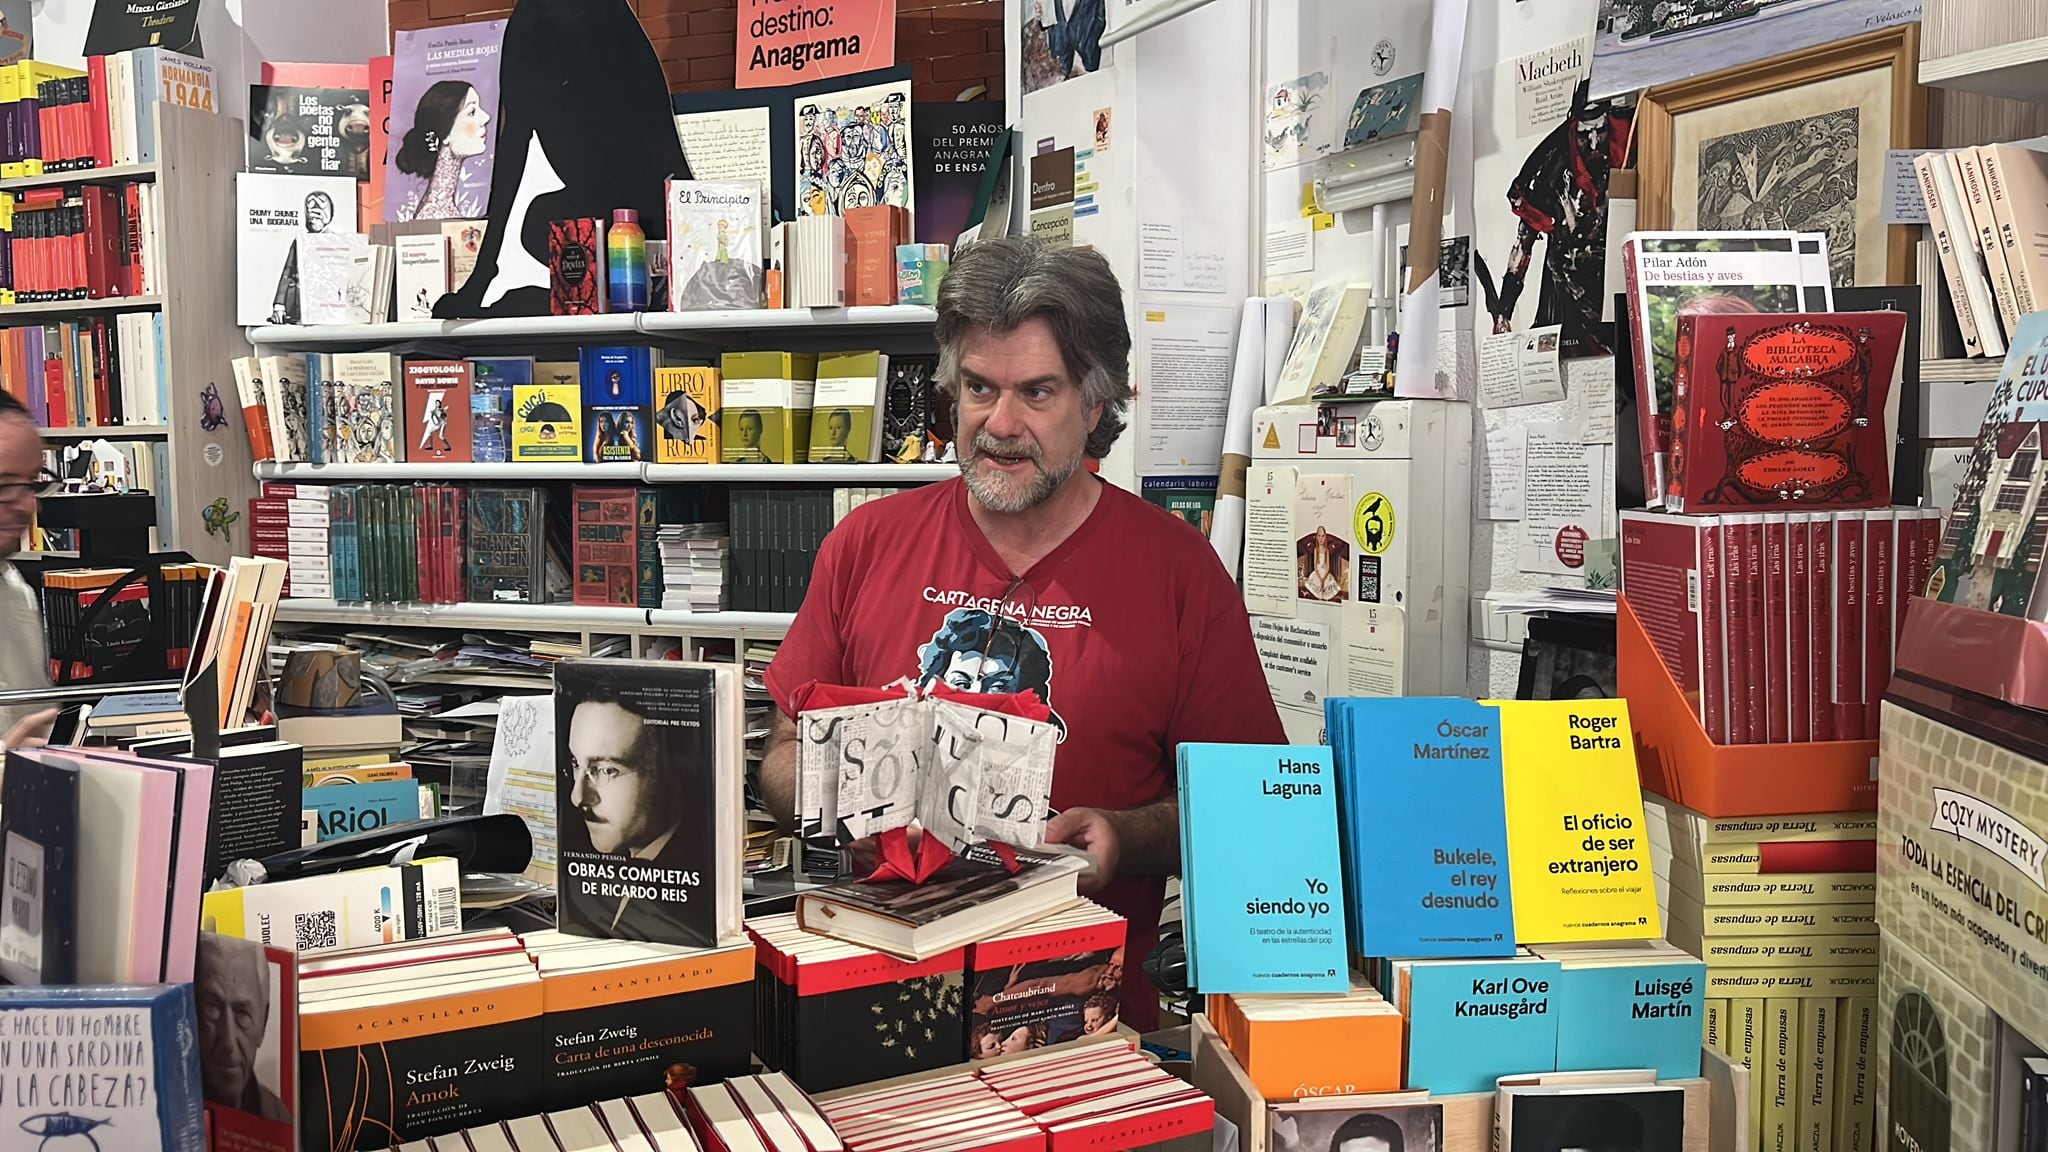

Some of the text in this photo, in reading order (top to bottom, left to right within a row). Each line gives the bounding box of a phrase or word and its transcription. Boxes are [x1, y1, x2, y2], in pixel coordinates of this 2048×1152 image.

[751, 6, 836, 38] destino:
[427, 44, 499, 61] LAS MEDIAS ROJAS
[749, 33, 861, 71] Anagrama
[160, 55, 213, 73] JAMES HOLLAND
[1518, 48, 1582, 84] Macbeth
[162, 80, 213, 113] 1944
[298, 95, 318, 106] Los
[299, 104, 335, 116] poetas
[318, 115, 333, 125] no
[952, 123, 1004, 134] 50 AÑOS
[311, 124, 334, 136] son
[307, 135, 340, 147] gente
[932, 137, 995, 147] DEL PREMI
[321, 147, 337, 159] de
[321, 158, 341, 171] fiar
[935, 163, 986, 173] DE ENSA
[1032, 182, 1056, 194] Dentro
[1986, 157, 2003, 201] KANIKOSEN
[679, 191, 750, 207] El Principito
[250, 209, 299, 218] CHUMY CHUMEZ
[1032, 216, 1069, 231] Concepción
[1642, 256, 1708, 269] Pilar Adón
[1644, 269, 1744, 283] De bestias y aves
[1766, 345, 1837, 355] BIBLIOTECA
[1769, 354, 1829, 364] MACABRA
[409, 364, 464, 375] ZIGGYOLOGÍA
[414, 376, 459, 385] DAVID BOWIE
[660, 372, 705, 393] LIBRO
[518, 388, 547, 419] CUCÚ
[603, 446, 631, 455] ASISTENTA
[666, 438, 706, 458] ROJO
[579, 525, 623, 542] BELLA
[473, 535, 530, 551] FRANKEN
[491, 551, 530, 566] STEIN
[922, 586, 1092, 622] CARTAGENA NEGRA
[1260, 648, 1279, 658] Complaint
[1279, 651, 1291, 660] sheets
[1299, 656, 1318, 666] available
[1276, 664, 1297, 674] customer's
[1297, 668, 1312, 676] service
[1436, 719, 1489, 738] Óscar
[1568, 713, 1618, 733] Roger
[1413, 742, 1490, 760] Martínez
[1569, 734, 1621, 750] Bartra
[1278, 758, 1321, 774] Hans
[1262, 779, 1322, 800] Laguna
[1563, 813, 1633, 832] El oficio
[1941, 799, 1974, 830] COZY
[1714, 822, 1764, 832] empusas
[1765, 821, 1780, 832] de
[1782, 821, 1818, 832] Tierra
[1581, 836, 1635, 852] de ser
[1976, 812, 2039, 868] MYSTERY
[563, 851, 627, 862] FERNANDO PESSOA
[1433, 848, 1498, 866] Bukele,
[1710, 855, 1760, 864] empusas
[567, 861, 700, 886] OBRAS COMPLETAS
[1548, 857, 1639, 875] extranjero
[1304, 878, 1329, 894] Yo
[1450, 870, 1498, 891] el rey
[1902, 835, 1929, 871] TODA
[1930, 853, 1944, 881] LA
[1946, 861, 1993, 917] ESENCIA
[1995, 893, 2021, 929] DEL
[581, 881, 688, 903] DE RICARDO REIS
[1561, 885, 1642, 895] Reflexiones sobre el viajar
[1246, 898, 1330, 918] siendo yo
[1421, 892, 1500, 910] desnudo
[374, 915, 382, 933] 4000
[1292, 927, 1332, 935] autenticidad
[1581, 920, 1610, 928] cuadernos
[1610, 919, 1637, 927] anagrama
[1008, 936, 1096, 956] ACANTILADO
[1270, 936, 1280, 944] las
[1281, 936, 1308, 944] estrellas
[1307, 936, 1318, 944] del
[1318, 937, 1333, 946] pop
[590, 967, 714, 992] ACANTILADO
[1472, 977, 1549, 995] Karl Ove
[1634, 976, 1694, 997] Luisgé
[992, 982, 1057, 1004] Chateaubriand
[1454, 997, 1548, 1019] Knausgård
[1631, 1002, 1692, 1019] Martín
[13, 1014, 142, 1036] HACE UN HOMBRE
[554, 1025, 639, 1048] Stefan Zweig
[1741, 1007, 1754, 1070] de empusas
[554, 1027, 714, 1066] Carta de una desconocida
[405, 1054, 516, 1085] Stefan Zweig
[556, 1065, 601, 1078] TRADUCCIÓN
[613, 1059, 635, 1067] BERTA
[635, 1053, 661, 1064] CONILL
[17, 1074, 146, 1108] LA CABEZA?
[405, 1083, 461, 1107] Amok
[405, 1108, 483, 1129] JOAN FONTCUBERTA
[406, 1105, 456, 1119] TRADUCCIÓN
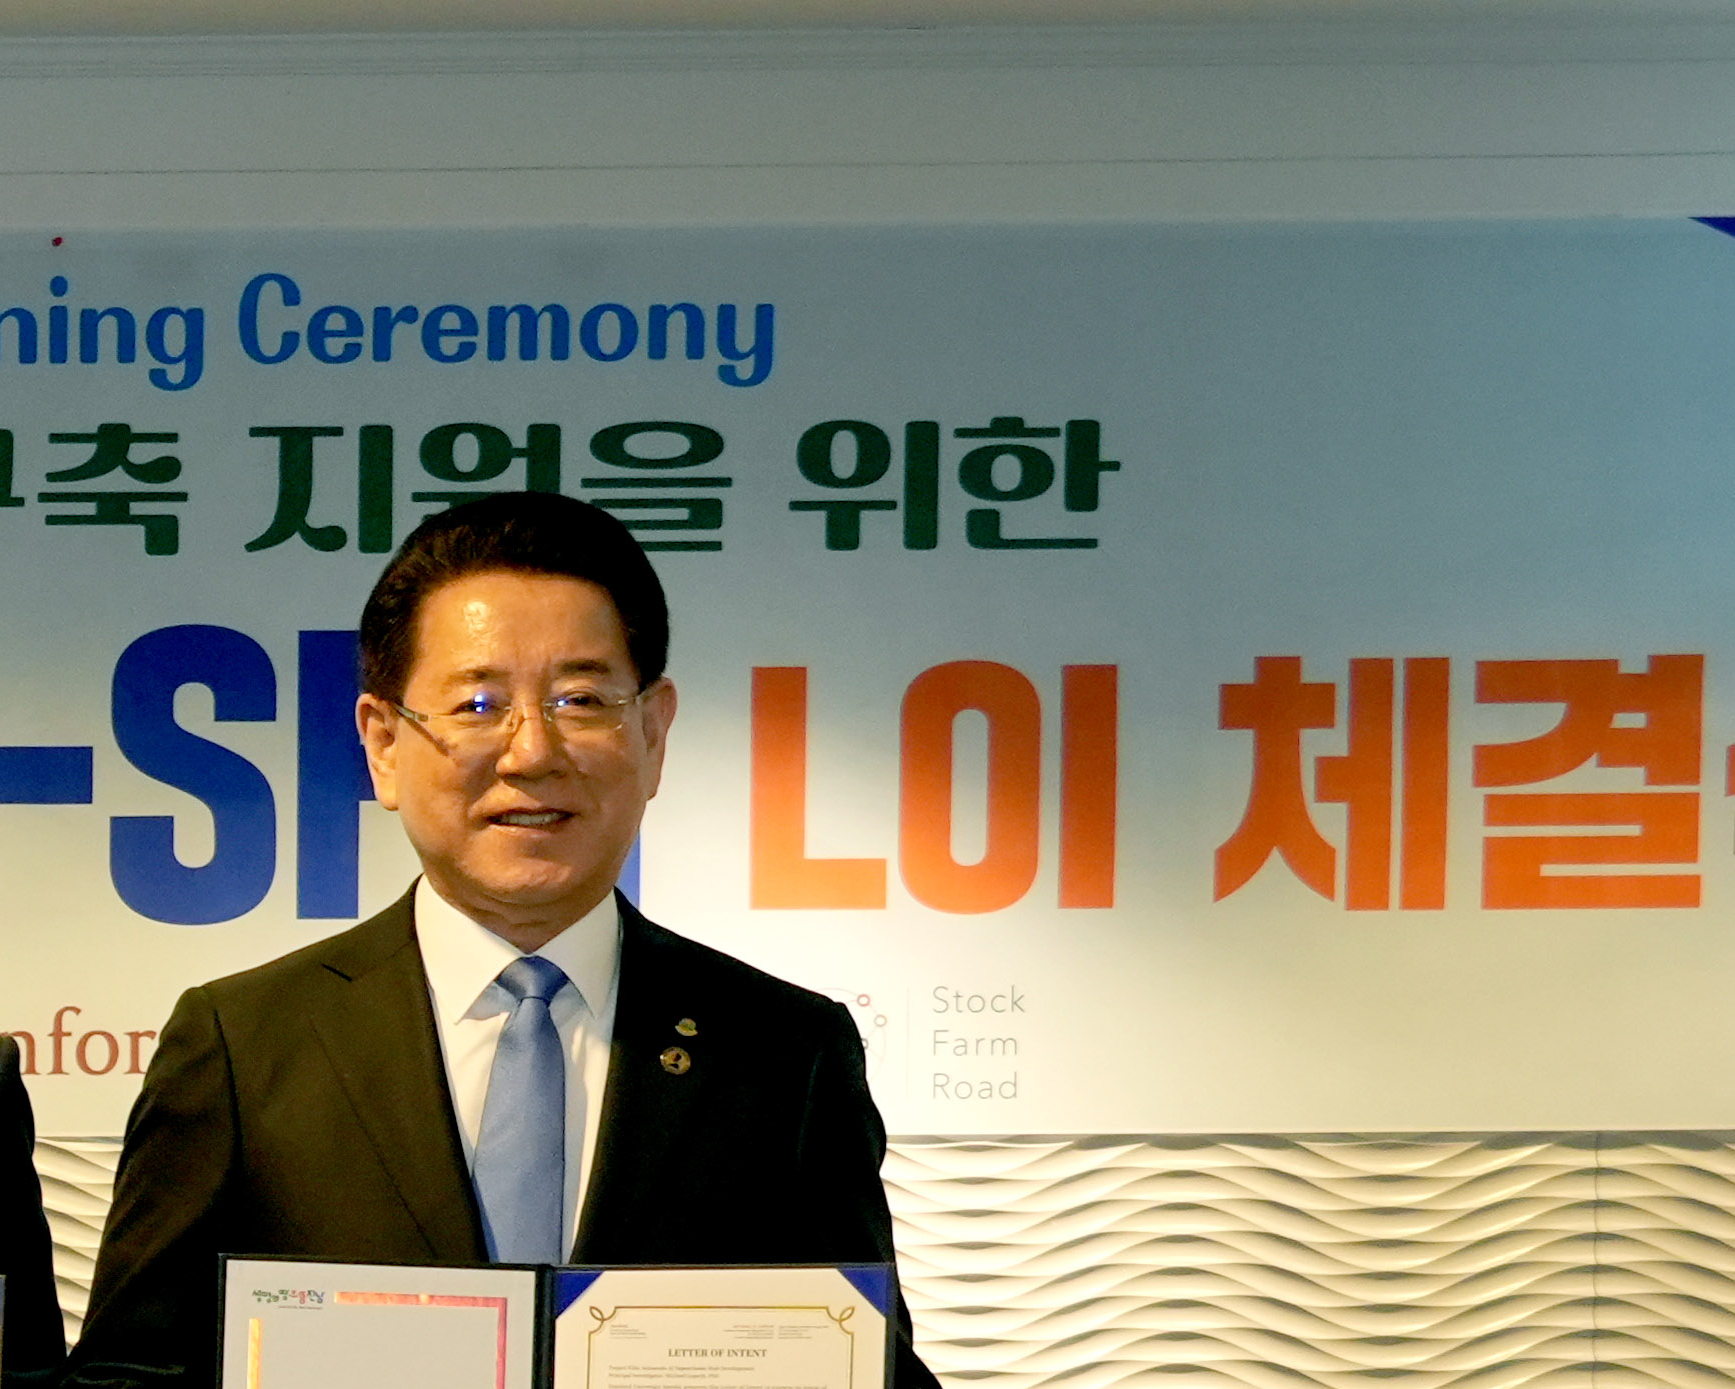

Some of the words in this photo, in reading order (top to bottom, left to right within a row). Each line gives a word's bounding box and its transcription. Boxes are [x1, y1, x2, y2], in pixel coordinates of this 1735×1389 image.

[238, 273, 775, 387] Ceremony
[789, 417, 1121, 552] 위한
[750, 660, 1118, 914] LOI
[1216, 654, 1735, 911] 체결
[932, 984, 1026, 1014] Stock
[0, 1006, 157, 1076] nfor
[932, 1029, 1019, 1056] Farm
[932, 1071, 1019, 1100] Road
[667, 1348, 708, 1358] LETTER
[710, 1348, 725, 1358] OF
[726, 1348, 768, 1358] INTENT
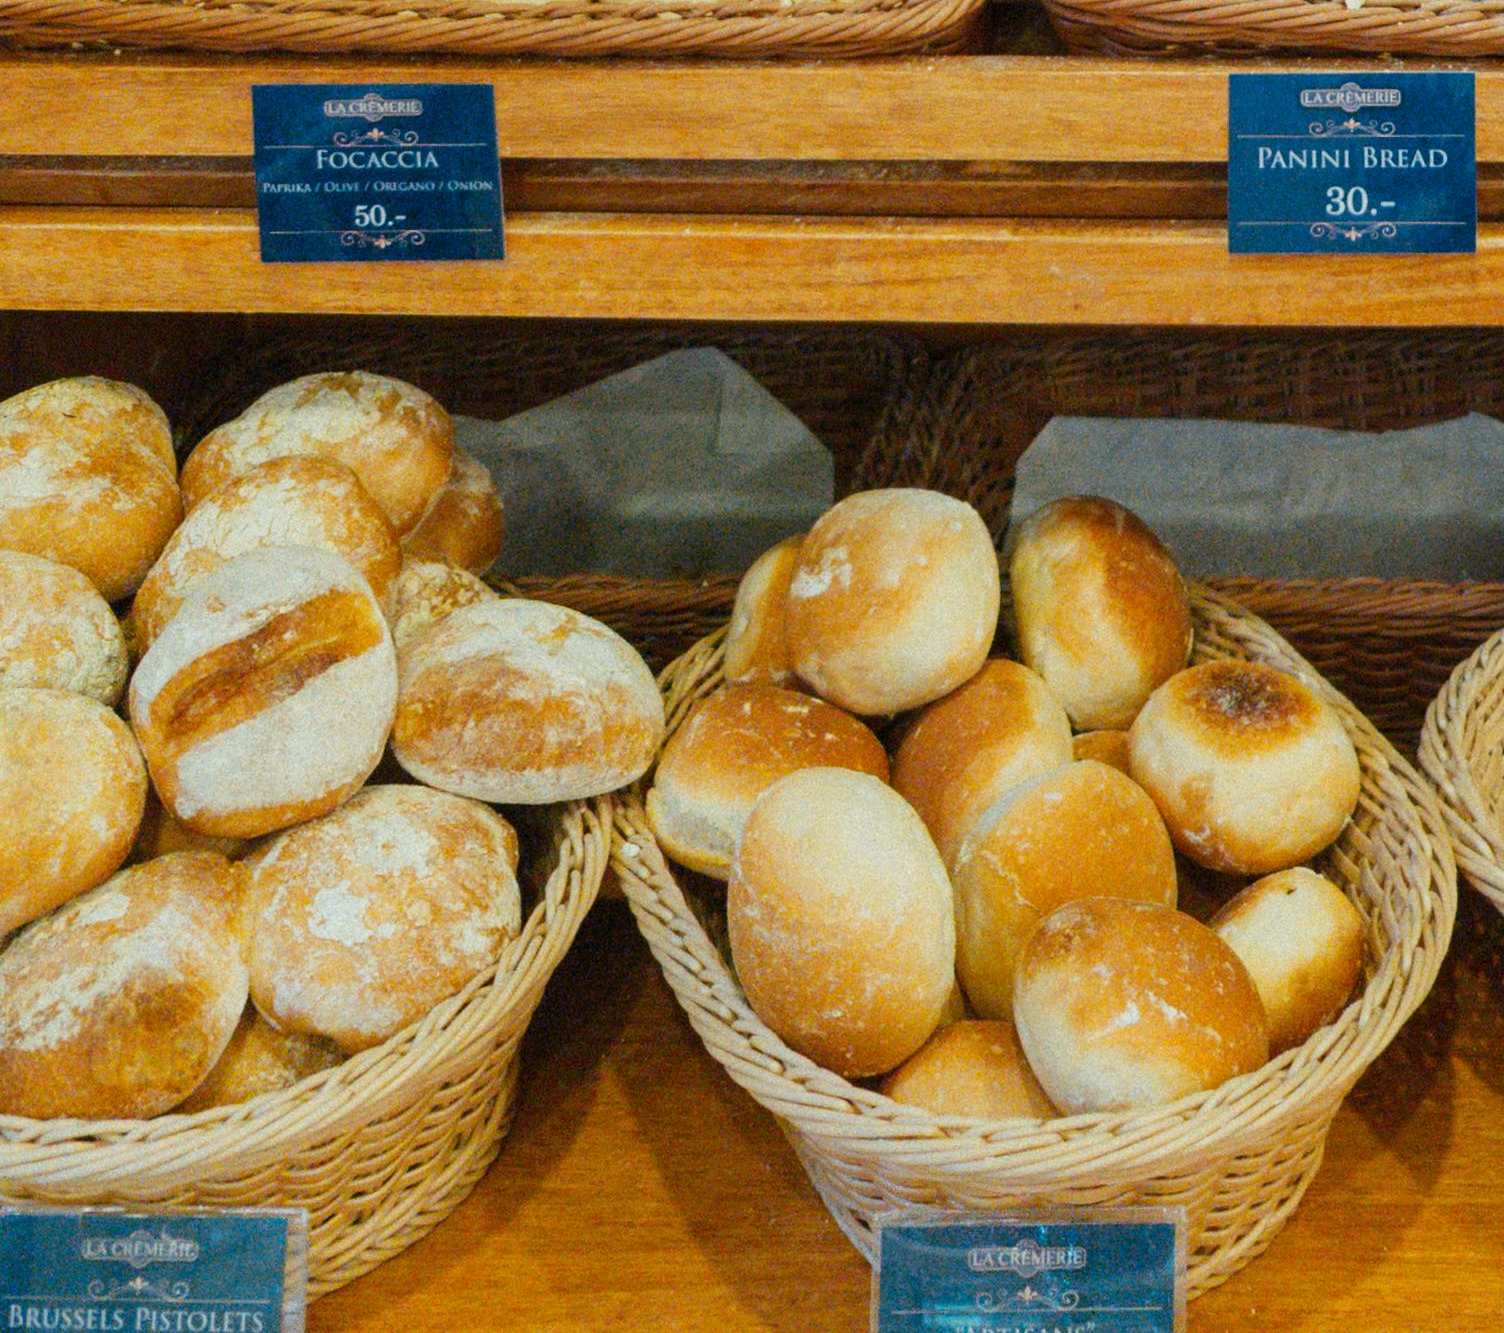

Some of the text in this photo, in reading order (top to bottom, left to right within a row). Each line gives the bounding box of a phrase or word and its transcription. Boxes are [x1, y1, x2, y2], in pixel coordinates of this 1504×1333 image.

**YOUR OBJECTIVE:** Drop the pictures and reproduce the rest of the data above exactly.

**PROBLEM SOLUTION:**
Some of the text in this photo, in reading order (top to bottom, left to right within a row). Each line gives the bounding box of a phrase or word and its transcription. Boxes are [x1, y1, x2, y2], in pixel coordinates of this 2048×1152 image.

[751, 6, 836, 38] destino:
[427, 44, 499, 61] LAS MEDIAS ROJAS
[749, 33, 861, 71] Anagrama
[160, 55, 213, 73] JAMES HOLLAND
[1518, 48, 1582, 84] Macbeth
[162, 80, 213, 113] 1944
[298, 95, 318, 106] Los
[299, 104, 335, 116] poetas
[318, 115, 333, 125] no
[952, 123, 1004, 134] 50 AÑOS
[311, 124, 334, 136] son
[307, 135, 340, 147] gente
[932, 137, 995, 147] DEL PREMI
[321, 147, 337, 159] de
[321, 158, 341, 171] fiar
[935, 163, 986, 173] DE ENSA
[1032, 182, 1056, 194] Dentro
[1986, 157, 2003, 201] KANIKOSEN
[679, 191, 750, 207] El Principito
[250, 209, 299, 218] CHUMY CHUMEZ
[1032, 216, 1069, 231] Concepción
[1642, 256, 1708, 269] Pilar Adón
[1644, 269, 1744, 283] De bestias y aves
[1766, 345, 1837, 355] BIBLIOTECA
[1769, 354, 1829, 364] MACABRA
[409, 364, 464, 375] ZIGGYOLOGÍA
[414, 376, 459, 385] DAVID BOWIE
[660, 372, 705, 393] LIBRO
[518, 388, 547, 419] CUCÚ
[603, 446, 631, 455] ASISTENTA
[666, 438, 706, 458] ROJO
[579, 525, 623, 542] BELLA
[473, 535, 530, 551] FRANKEN
[491, 551, 530, 566] STEIN
[922, 586, 1092, 622] CARTAGENA NEGRA
[1260, 648, 1279, 658] Complaint
[1279, 651, 1291, 660] sheets
[1299, 656, 1318, 666] available
[1276, 664, 1297, 674] customer's
[1297, 668, 1312, 676] service
[1436, 719, 1489, 738] Óscar
[1568, 713, 1618, 733] Roger
[1413, 742, 1490, 760] Martínez
[1569, 734, 1621, 750] Bartra
[1278, 758, 1321, 774] Hans
[1262, 779, 1322, 800] Laguna
[1563, 813, 1633, 832] El oficio
[1941, 799, 1974, 830] COZY
[1714, 822, 1764, 832] empusas
[1765, 821, 1780, 832] de
[1782, 821, 1818, 832] Tierra
[1581, 836, 1635, 852] de ser
[1976, 812, 2039, 868] MYSTERY
[563, 851, 627, 862] FERNANDO PESSOA
[1433, 848, 1498, 866] Bukele,
[1710, 855, 1760, 864] empusas
[567, 861, 700, 886] OBRAS COMPLETAS
[1548, 857, 1639, 875] extranjero
[1304, 878, 1329, 894] Yo
[1450, 870, 1498, 891] el rey
[1902, 835, 1929, 871] TODA
[1930, 853, 1944, 881] LA
[1946, 861, 1993, 917] ESENCIA
[1995, 893, 2021, 929] DEL
[581, 881, 688, 903] DE RICARDO REIS
[1561, 885, 1642, 895] Reflexiones sobre el viajar
[1246, 898, 1330, 918] siendo yo
[1421, 892, 1500, 910] desnudo
[374, 915, 382, 933] 4000
[1292, 927, 1332, 935] autenticidad
[1581, 920, 1610, 928] cuadernos
[1610, 919, 1637, 927] anagrama
[1008, 936, 1096, 956] ACANTILADO
[1270, 936, 1280, 944] las
[1281, 936, 1308, 944] estrellas
[1307, 936, 1318, 944] del
[1318, 937, 1333, 946] pop
[590, 967, 714, 992] ACANTILADO
[1472, 977, 1549, 995] Karl Ove
[1634, 976, 1694, 997] Luisgé
[992, 982, 1057, 1004] Chateaubriand
[1454, 997, 1548, 1019] Knausgård
[1631, 1002, 1692, 1019] Martín
[13, 1014, 142, 1036] HACE UN HOMBRE
[554, 1025, 639, 1048] Stefan Zweig
[1741, 1007, 1754, 1070] de empusas
[554, 1027, 714, 1066] Carta de una desconocida
[405, 1054, 516, 1085] Stefan Zweig
[556, 1065, 601, 1078] TRADUCCIÓN
[613, 1059, 635, 1067] BERTA
[635, 1053, 661, 1064] CONILL
[17, 1074, 146, 1108] LA CABEZA?
[405, 1083, 461, 1107] Amok
[405, 1108, 483, 1129] JOAN FONTCUBERTA
[406, 1105, 456, 1119] TRADUCCIÓN

Some of the words in this photo, in reading order (top to bottom, left to right within a row). Each line gives a word's bounding box and its transcription. Boxes are [x1, y1, x2, y2], in pixel coordinates of this 1735×1389 image.

[238, 273, 775, 387] Ceremony
[789, 417, 1121, 552] 위한
[750, 660, 1118, 914] LOI
[1216, 654, 1735, 911] 체결
[932, 984, 1026, 1014] Stock
[0, 1006, 157, 1076] nfor
[932, 1029, 1019, 1056] Farm
[932, 1071, 1019, 1100] Road
[667, 1348, 708, 1358] LETTER
[710, 1348, 725, 1358] OF
[726, 1348, 768, 1358] INTENT

Some of the text in this photo, in reading order (top to bottom, left to right within a row). Each line gives the bounding box of a phrase or word and its transcription. Boxes are [x1, y1, x2, y2], in pixel coordinates of this 1504×1333 image.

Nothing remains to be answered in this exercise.